Pixels in Images
By now, we know that images are made up of pixels. Pixels can be thought of as very small, square-like structures that, when joined, result in an image. They serve as the smallest building blocks of any image. Let's take an example of an image. The following image is made up of millions of pixels that are different colors:

Figure 1.3: An image of a lion and a girl
Note
Image source: https://www.pxfuel.com/en/free-photo-olgbr.
Let's see what pixels look like up close. What happens when we keep on zooming in on the girl's eye in the image? After a certain point, we will end up with something like the following:

Figure 1.4: Highly zoomed-in version of the image shown in Figure 1.3
If you look carefully at the preceding image, you will be able to see some squares in the image. These are known as pixels. A pixel does not have a standard size; it differs from device to device. We frequently use the term pixels per inches (PPI) to define the resolution of an image.

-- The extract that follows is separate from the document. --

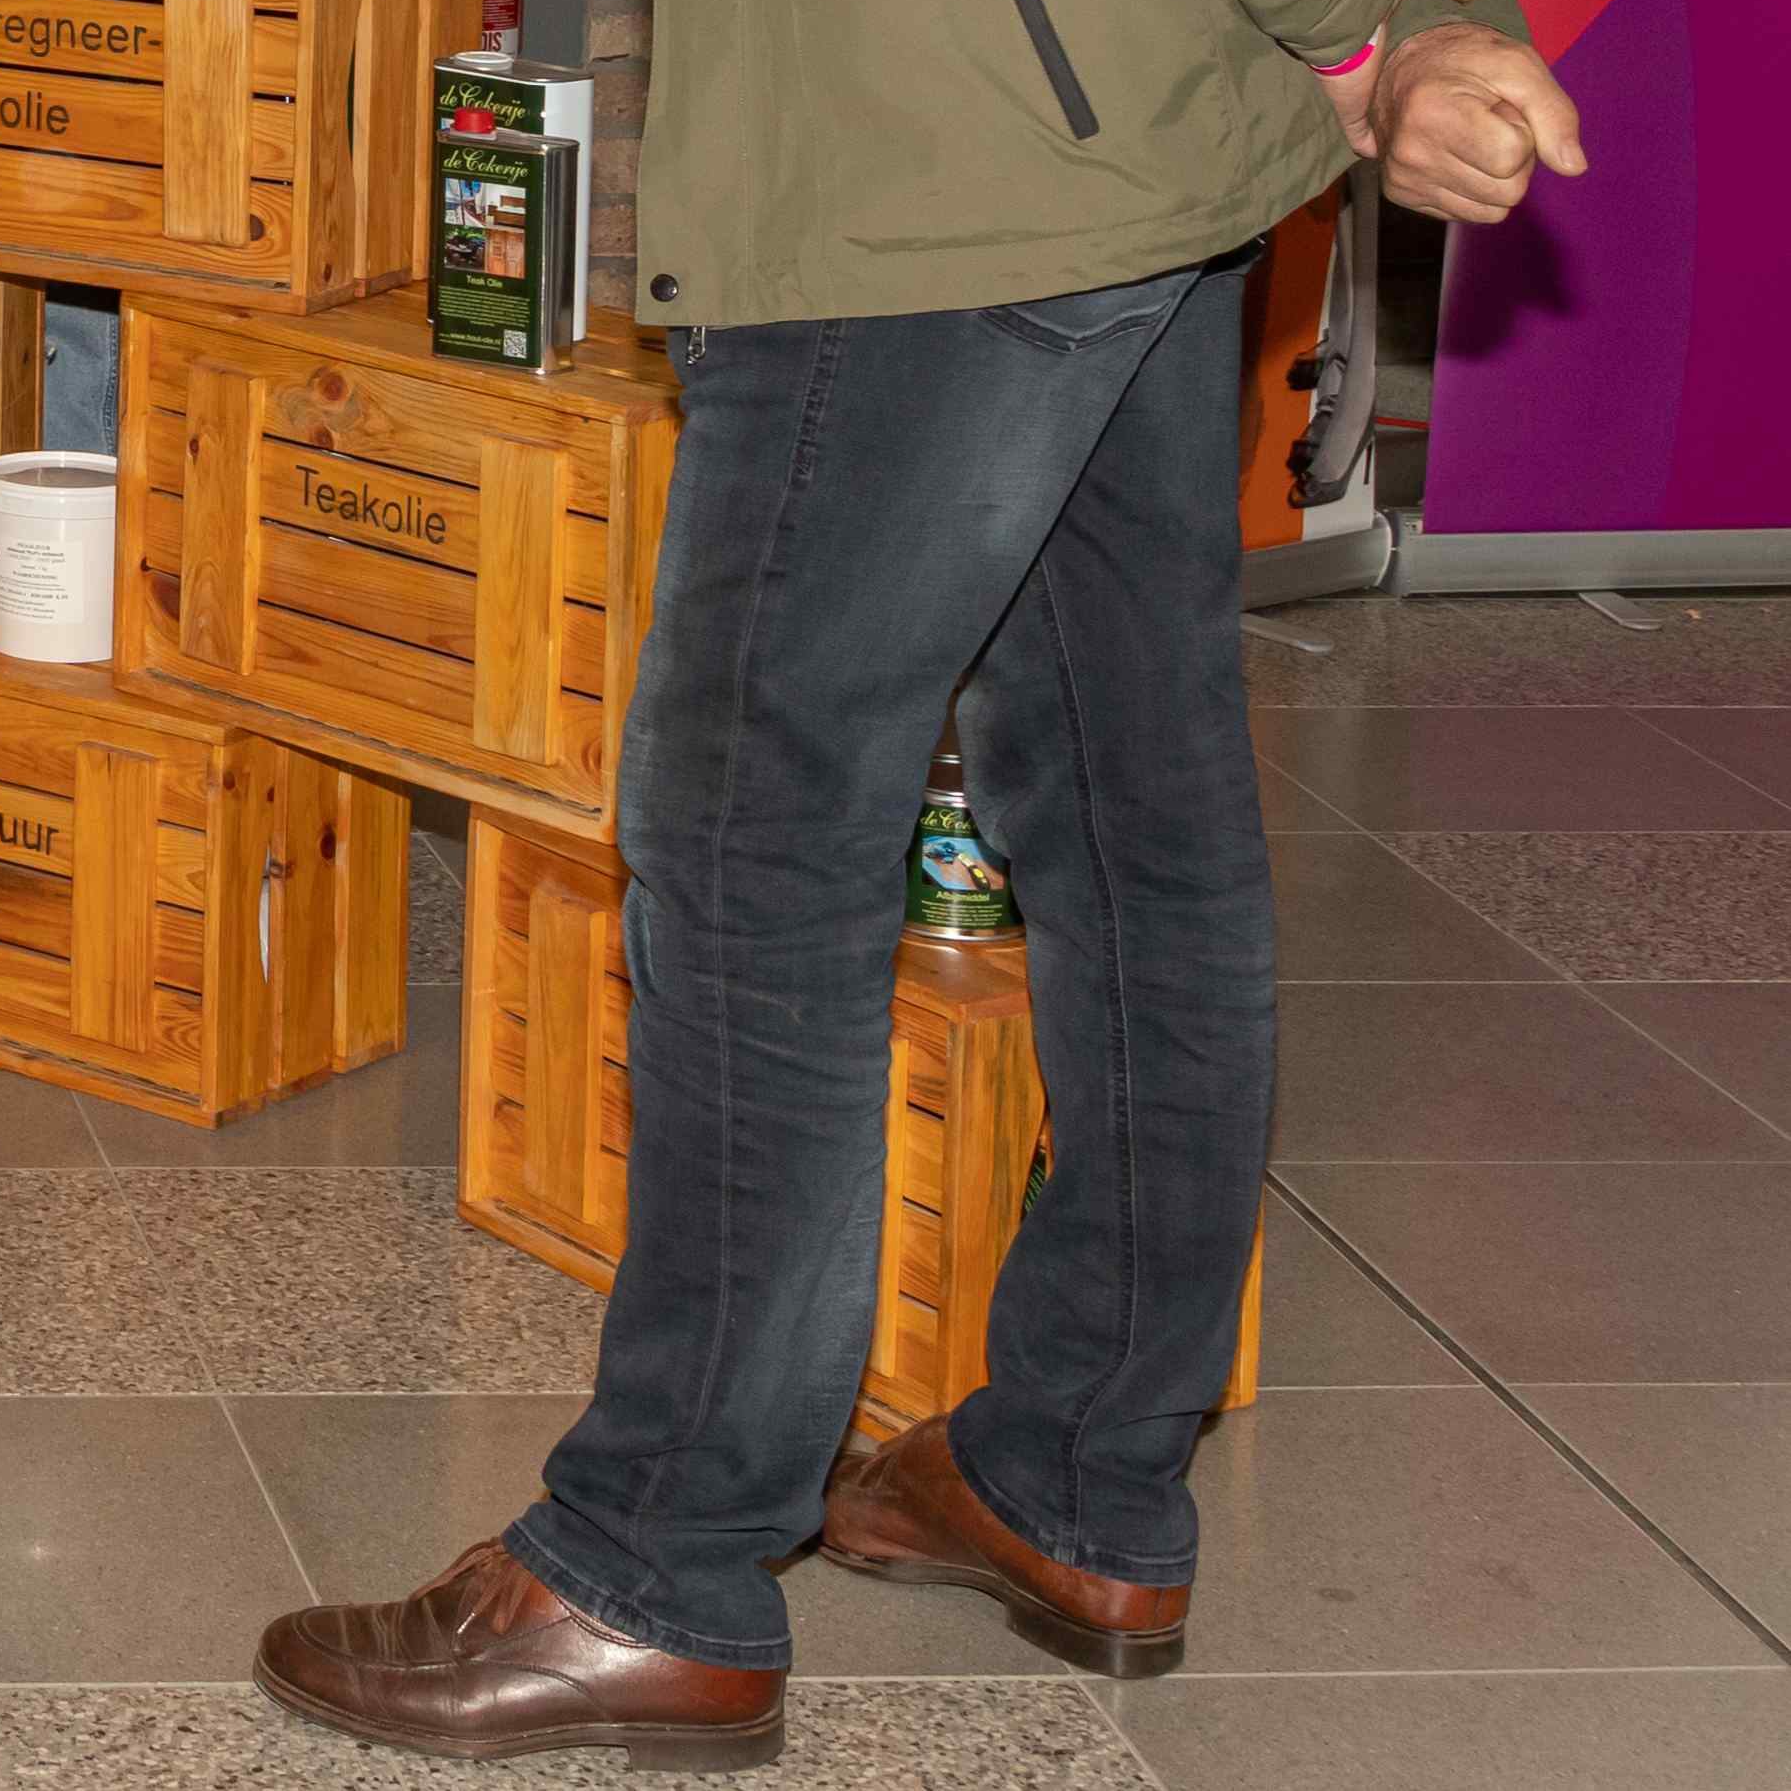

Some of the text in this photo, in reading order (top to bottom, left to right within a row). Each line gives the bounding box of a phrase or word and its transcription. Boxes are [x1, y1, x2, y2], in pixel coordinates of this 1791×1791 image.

More pixels in an inch (or square inch) of an image means a higher resolution. So, an image from a DSLR has more pixels per inch, while an image from a laptop webcam will have fewer pixels per inch. Let's compare the image we saw in Figure 1.4 with its higher-resolution version (Figure 1.5). We'll notice how, in a higher-resolution image, we can zoom in on the same region and have a much better quality image compared to the lower-resolution image (Figure 1.4):

Figure 1.5: Same zoomed-in region for a higher-resolution image
Now that we have a basic idea of pixels and terms such as PPI and resolution, let's understand the properties of pixels – pixel location and the color of the pixel.

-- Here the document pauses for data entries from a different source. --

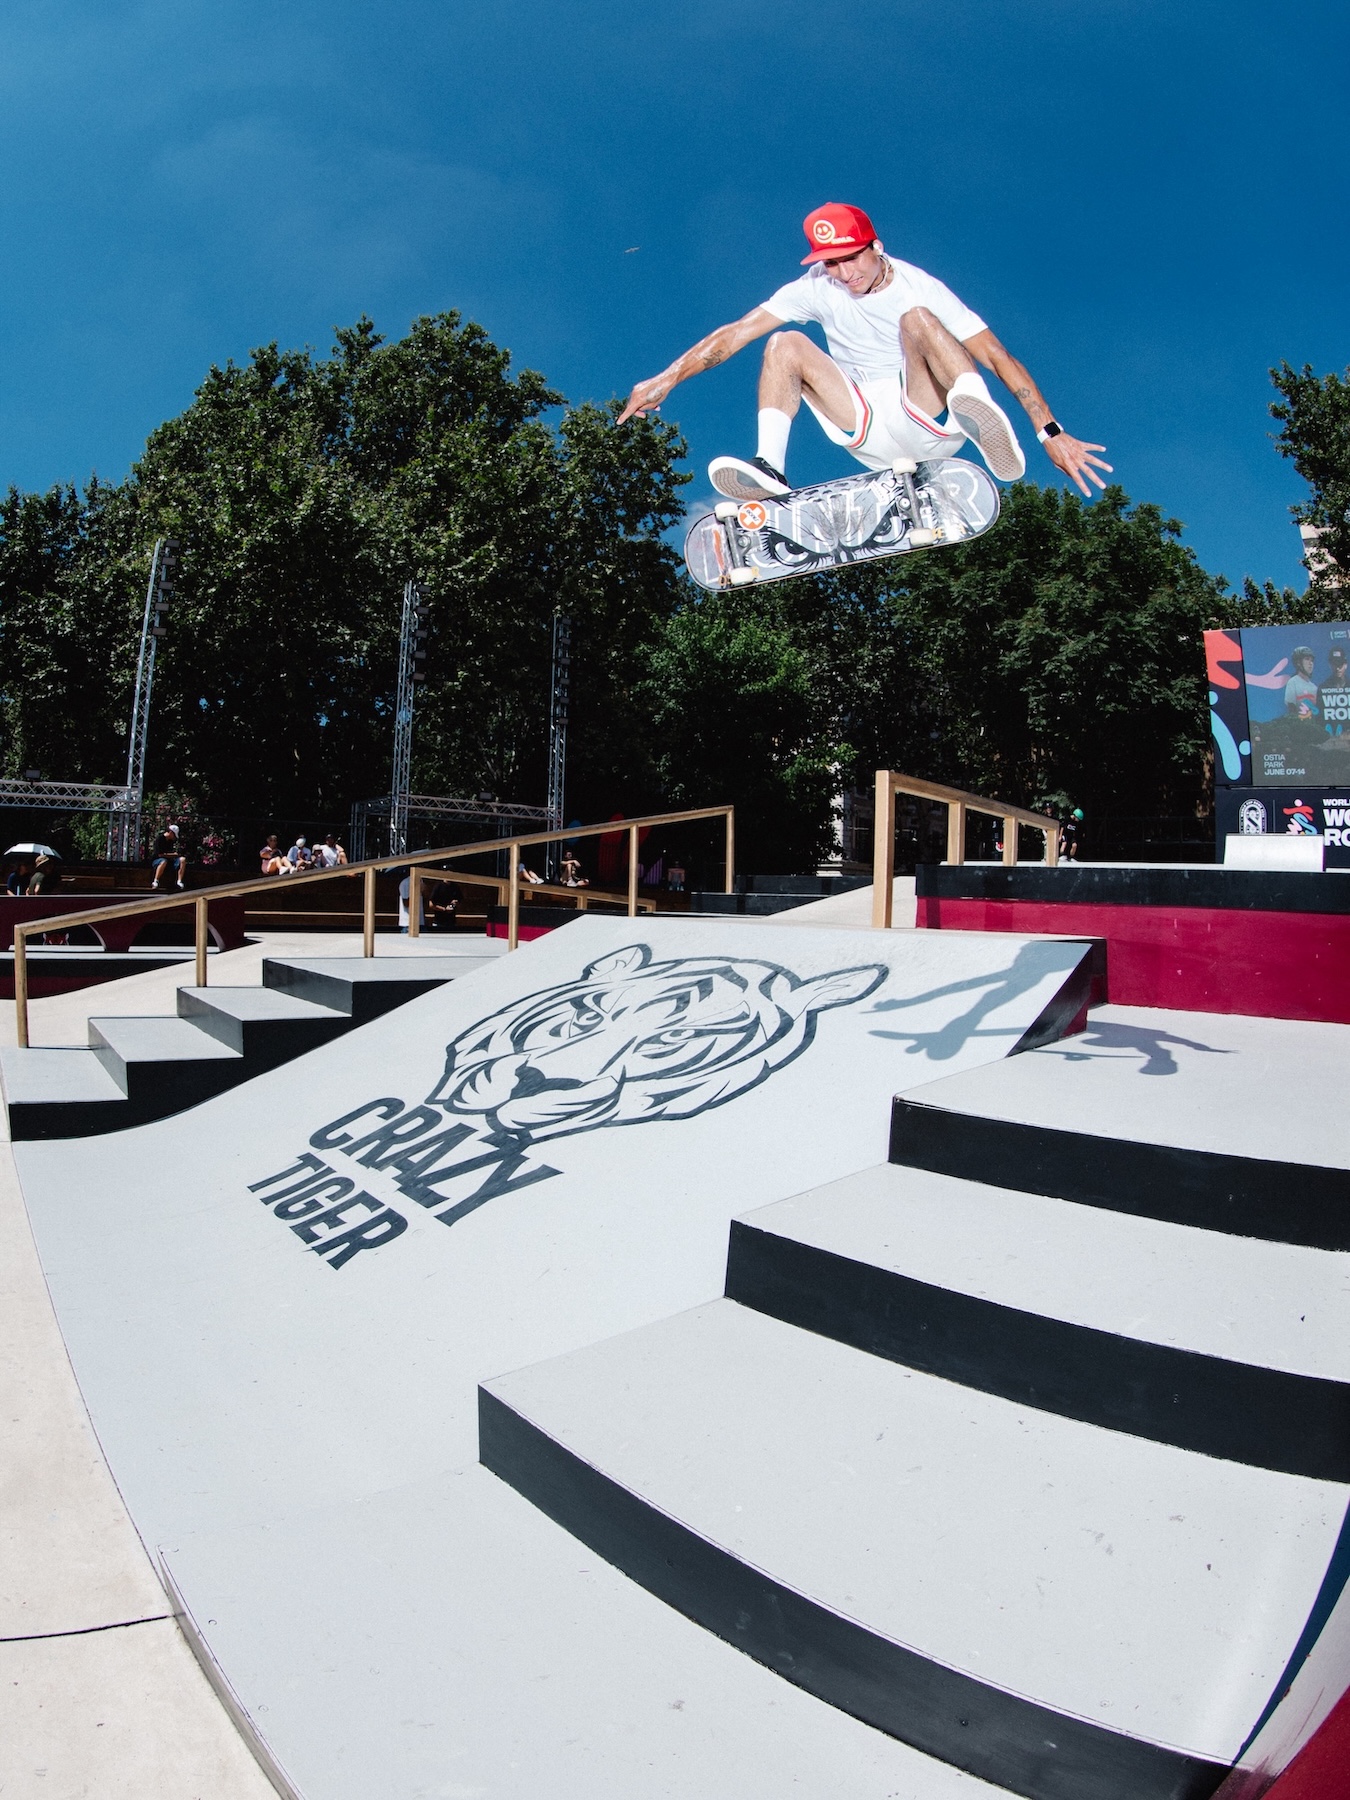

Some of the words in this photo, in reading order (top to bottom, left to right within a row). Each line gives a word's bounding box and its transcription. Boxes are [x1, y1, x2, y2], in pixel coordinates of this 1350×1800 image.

[1322, 694, 1350, 707] WO
[1324, 707, 1350, 721] RO
[1264, 768, 1285, 776] JUNE
[1323, 798, 1350, 806] WORL
[309, 1097, 564, 1227] CRAZY
[246, 1151, 408, 1270] TIGER

Pixel Location – Image Coordinate System
We know that a pixel is a square and is the smallest building block of an image. A specific pixel is referenced using its location in the image. Each image has a specific coordinate system. The standard followed in OpenCV is that the top-left corner of an image acts as the origin, (0,0). As we move to the right, the x-coordinate of the pixel location increases, and as we move down, the y-coordinate increases. But it's very important to understand that this is not a universally followed coordinate system. Let's try to follow a different coordinate system for the time being. We can find out the location of a pixel using this coordinate system.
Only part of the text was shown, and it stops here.